▸ **Your assignment**
Could you please reproduce every record below exactly, leaving out the pictures?

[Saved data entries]

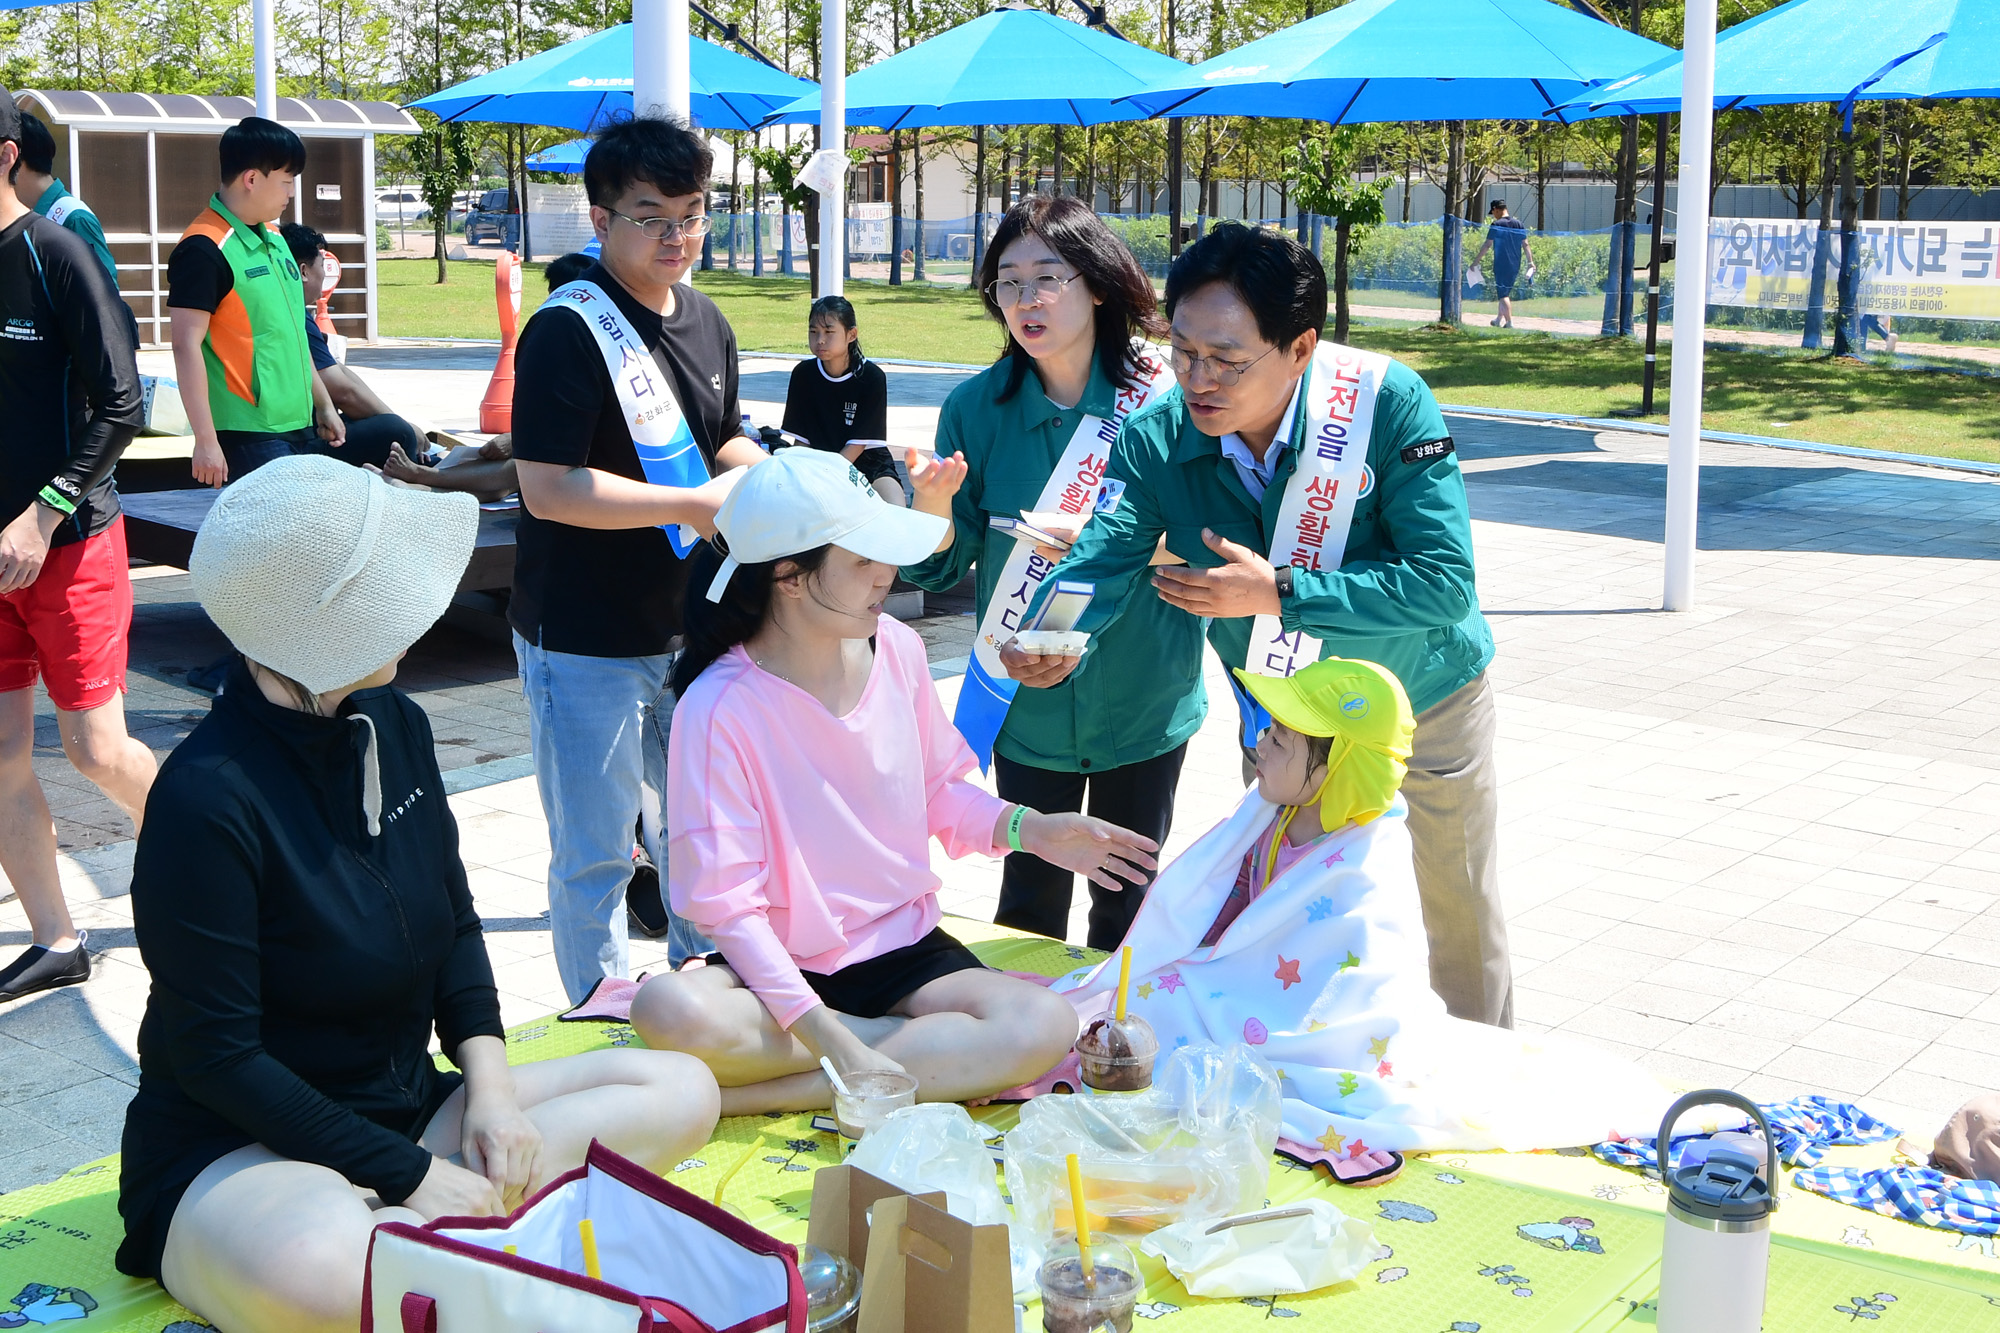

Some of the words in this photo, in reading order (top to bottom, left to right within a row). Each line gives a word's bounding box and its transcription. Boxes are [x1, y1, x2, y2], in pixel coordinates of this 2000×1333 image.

[7, 318, 34, 328] ARGO
[598, 311, 655, 397] 합시다
[644, 400, 672, 422] 강화군
[1316, 353, 1366, 462] 안전을
[1413, 441, 1444, 458] 강화군
[50, 475, 81, 497] ARGO
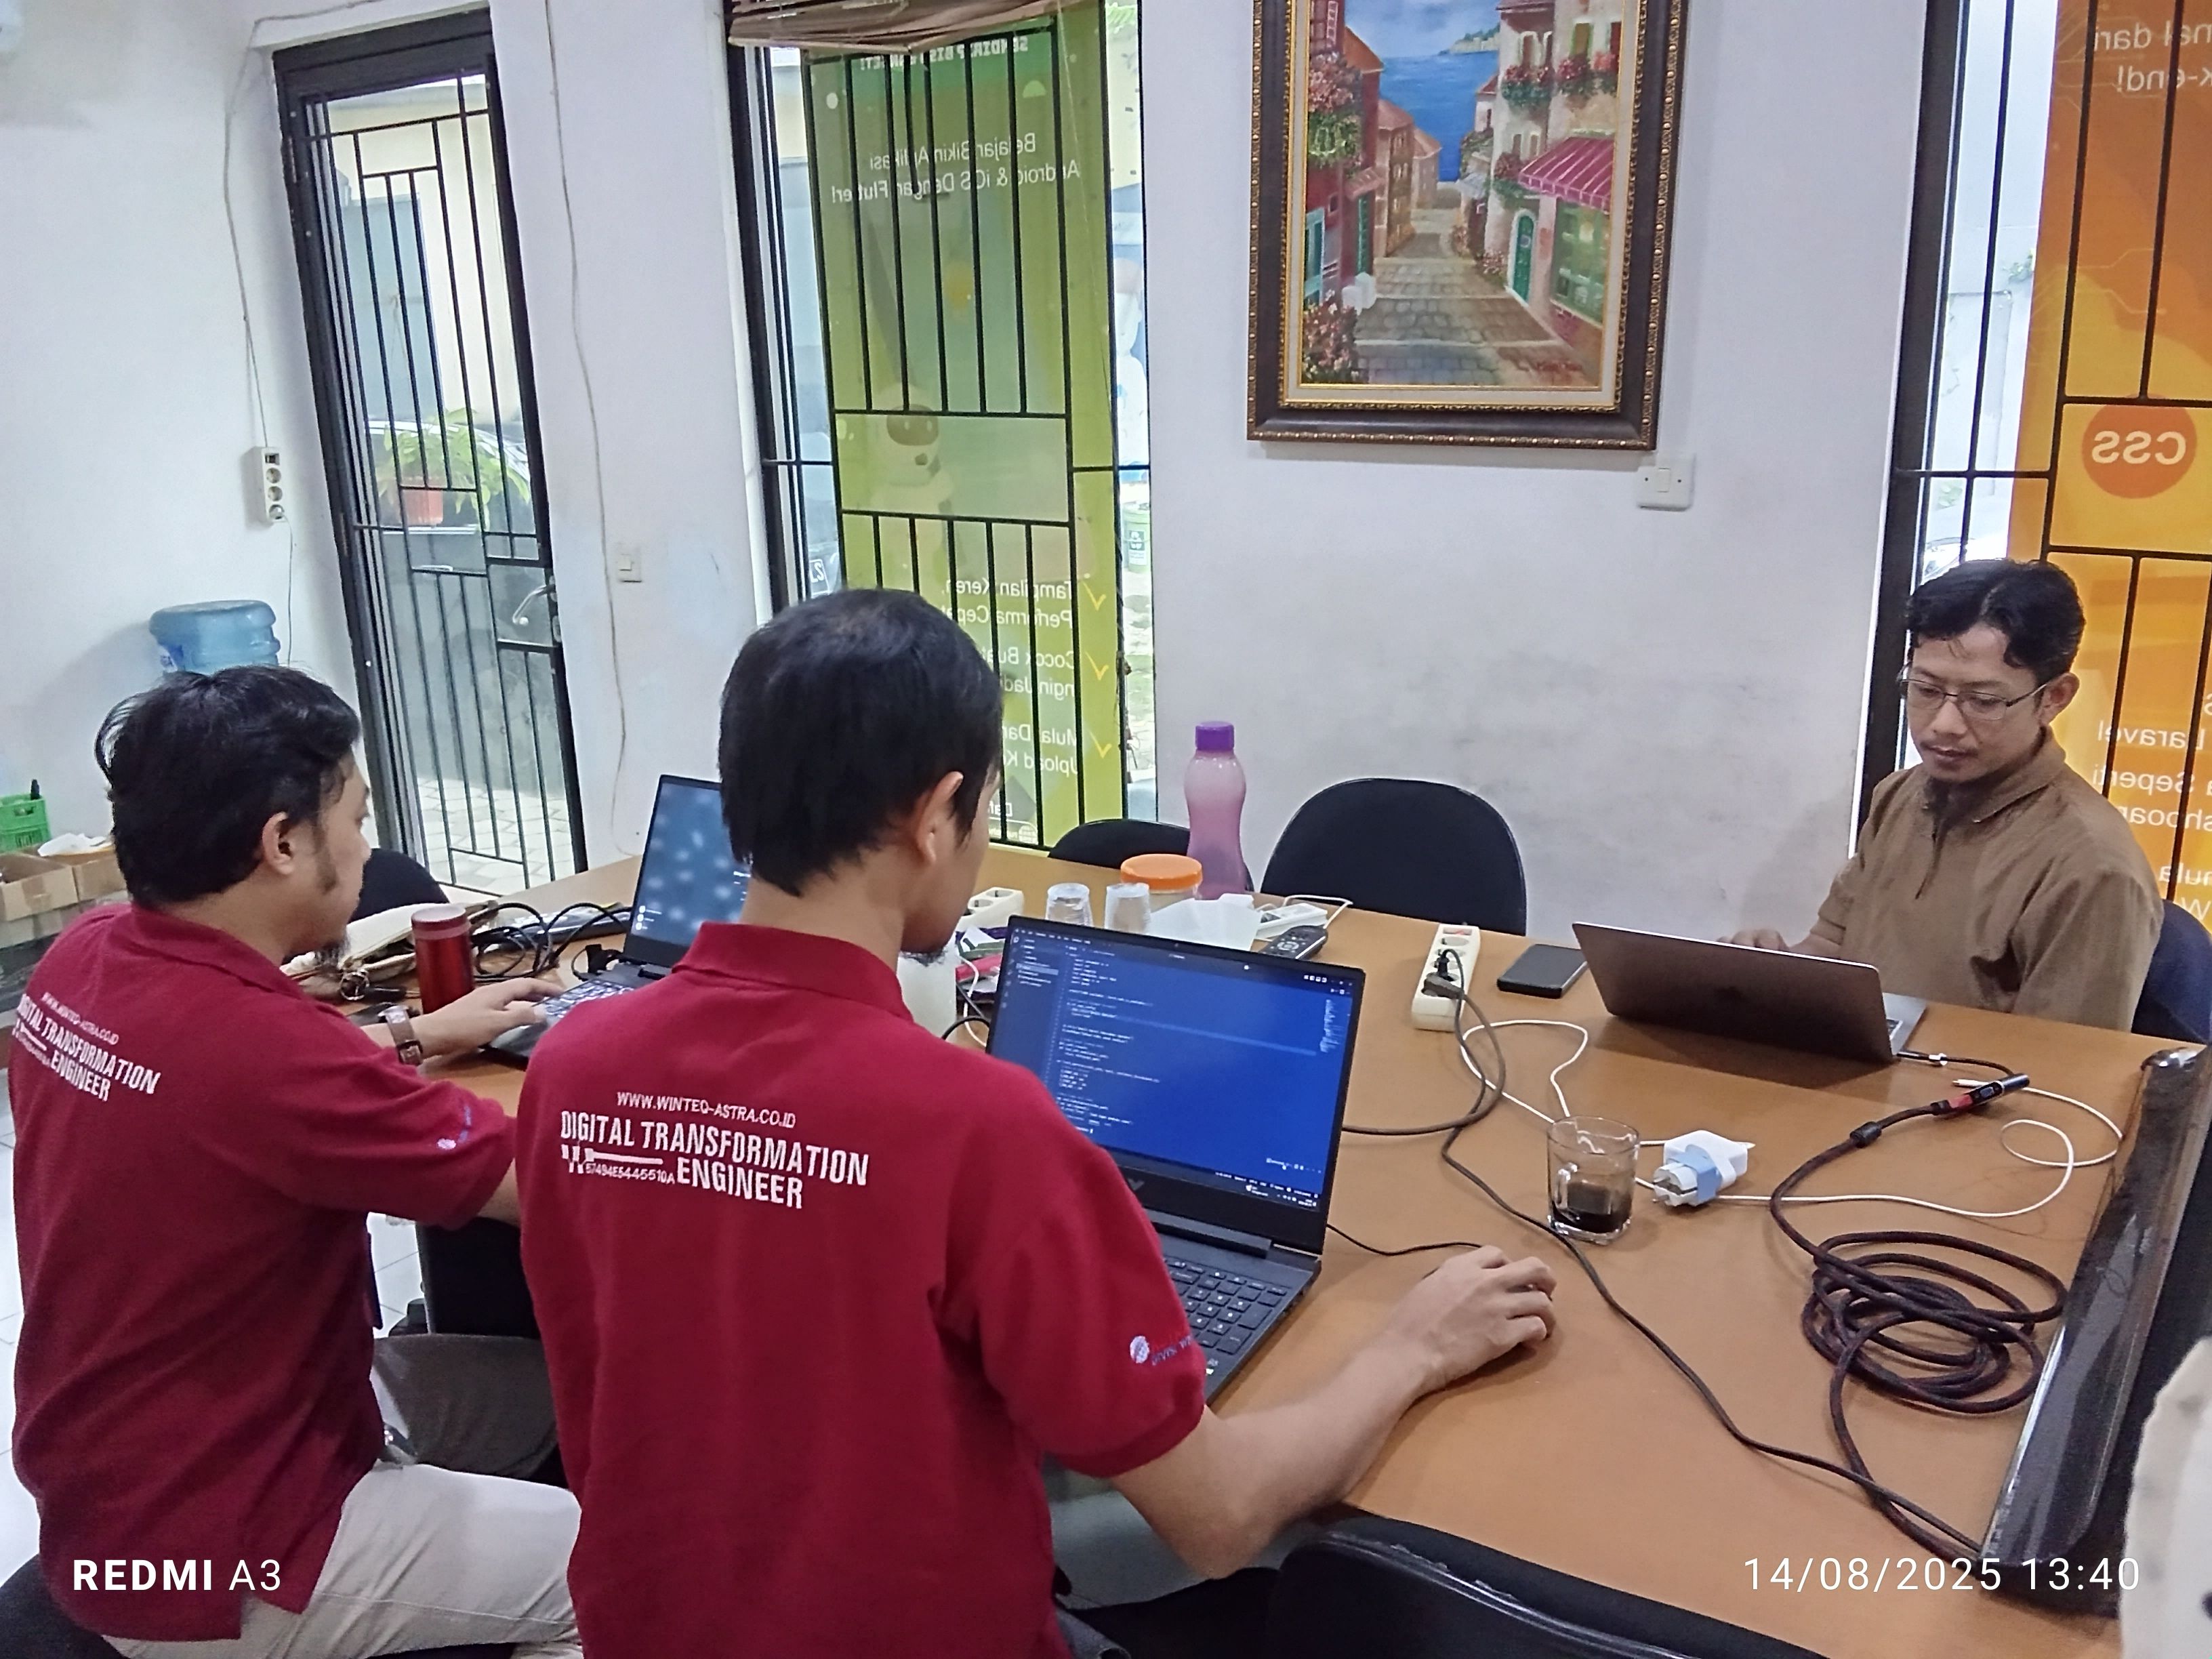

▸ **Problem solution**
Some of the words in this photo, in reading order (top to bottom, left to right within a row). Each line gives a word's bounding box and its transcription. Boxes are [x1, y1, x2, y2], in pixel coordinates of this 2000×1333 image.

[7, 318, 34, 328] ARGO
[598, 311, 655, 397] 합시다
[644, 400, 672, 422] 강화군
[1316, 353, 1366, 462] 안전을
[1413, 441, 1444, 458] 강화군
[50, 475, 81, 497] ARGO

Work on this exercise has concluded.